## The task
Copy all lines below that use the word "HELPER".

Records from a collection
· · · · · · ·

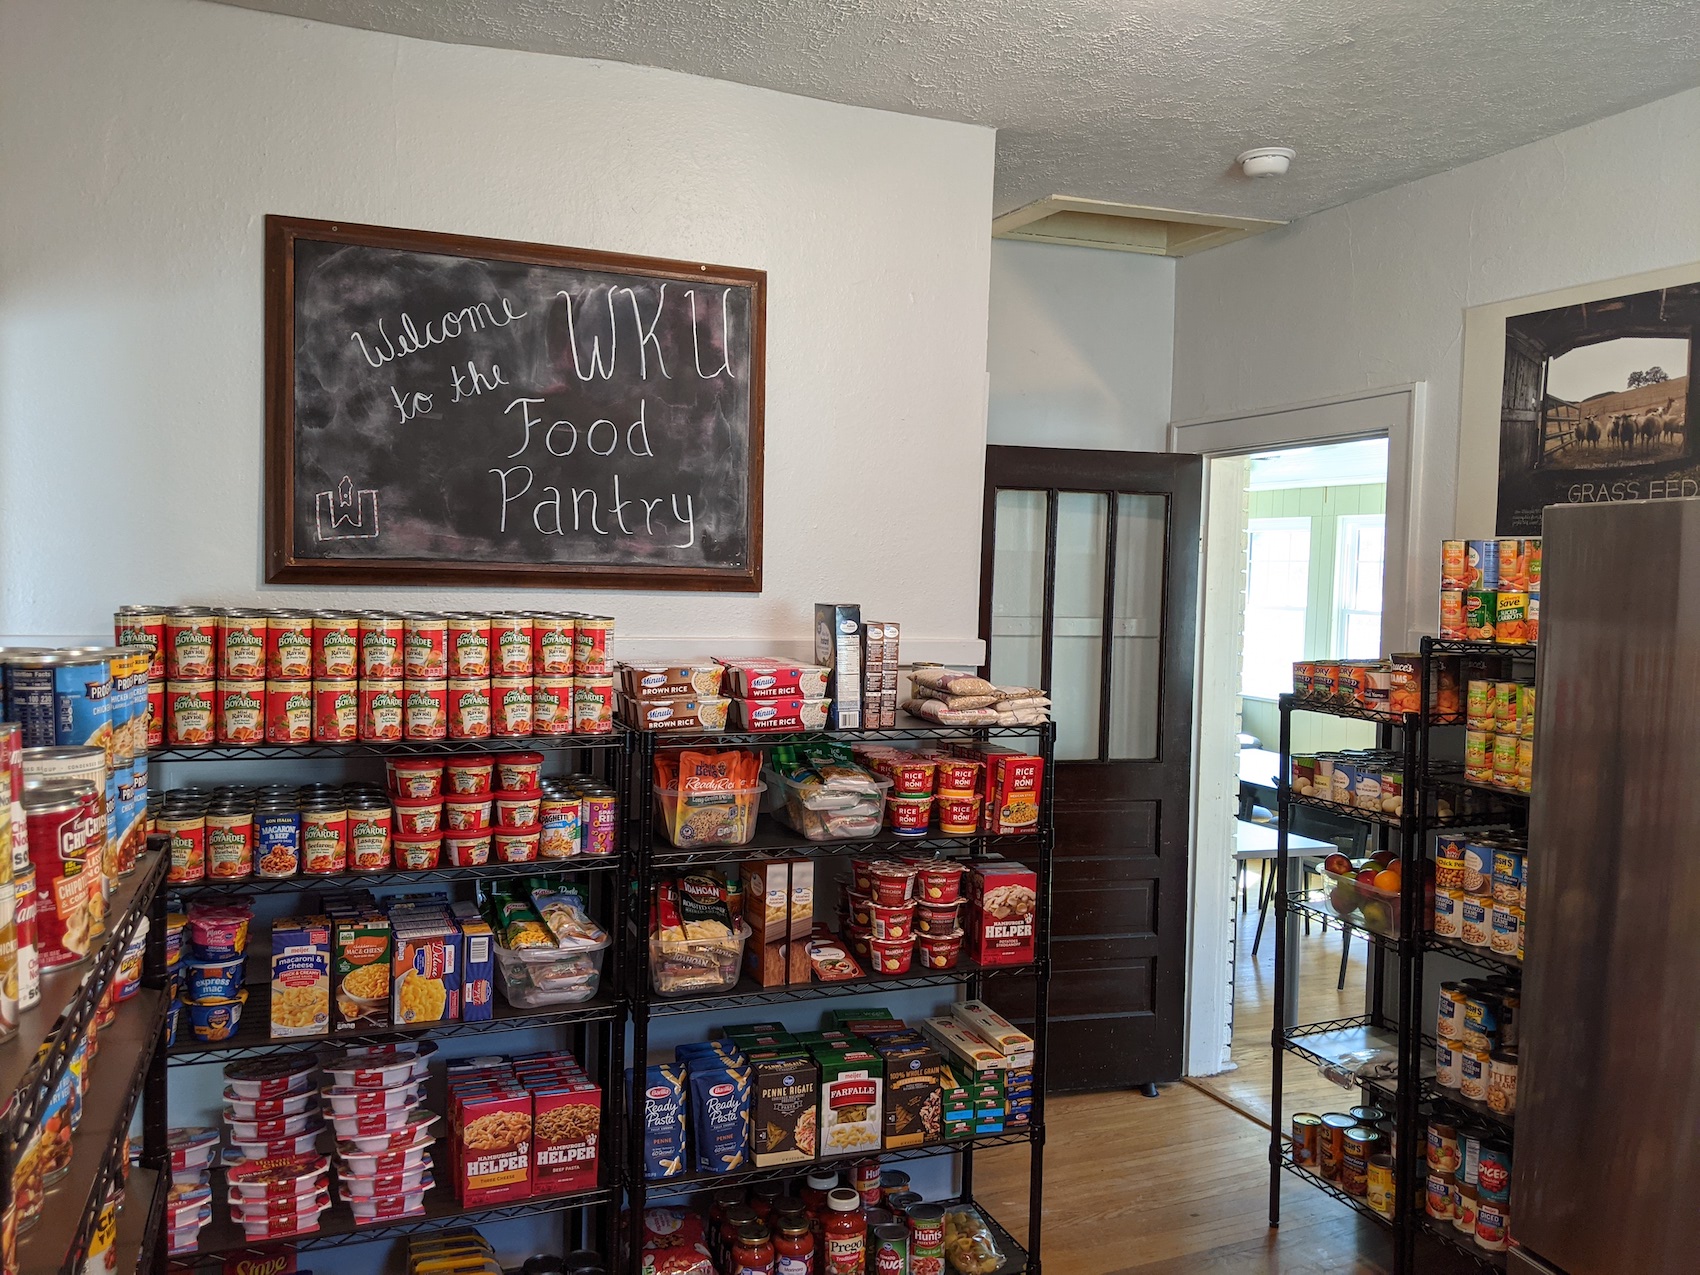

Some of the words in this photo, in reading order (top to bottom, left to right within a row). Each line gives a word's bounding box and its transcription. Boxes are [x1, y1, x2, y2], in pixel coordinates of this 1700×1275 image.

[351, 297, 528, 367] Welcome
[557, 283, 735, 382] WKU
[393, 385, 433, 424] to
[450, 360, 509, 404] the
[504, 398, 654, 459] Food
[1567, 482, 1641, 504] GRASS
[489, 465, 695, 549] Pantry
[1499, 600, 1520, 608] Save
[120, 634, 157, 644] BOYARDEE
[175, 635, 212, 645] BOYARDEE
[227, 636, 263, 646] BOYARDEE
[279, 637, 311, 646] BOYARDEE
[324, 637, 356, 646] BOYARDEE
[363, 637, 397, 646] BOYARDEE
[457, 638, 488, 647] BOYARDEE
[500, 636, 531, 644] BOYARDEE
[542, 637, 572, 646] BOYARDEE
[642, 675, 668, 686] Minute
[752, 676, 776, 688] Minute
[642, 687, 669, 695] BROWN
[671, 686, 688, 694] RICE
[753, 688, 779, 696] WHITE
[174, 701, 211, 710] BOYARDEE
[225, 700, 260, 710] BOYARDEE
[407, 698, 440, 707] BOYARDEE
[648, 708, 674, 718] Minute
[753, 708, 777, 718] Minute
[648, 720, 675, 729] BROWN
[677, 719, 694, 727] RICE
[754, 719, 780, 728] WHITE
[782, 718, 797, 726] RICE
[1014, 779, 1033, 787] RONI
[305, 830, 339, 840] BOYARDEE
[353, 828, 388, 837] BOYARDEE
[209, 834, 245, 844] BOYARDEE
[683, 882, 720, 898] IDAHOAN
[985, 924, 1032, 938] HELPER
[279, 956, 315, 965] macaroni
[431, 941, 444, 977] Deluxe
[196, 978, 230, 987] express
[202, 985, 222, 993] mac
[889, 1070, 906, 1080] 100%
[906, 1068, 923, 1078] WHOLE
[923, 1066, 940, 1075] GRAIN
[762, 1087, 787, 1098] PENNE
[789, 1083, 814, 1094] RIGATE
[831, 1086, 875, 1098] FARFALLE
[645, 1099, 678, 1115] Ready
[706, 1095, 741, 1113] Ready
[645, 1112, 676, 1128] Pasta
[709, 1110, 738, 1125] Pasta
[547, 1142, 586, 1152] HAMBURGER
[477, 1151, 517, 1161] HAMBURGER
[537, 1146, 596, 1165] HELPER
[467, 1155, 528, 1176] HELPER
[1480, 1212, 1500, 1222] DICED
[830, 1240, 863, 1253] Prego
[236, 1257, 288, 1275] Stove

· · · · · · ·

## Response for this exercise
[985, 924, 1032, 938] HELPER
[537, 1146, 596, 1165] HELPER
[467, 1155, 528, 1176] HELPER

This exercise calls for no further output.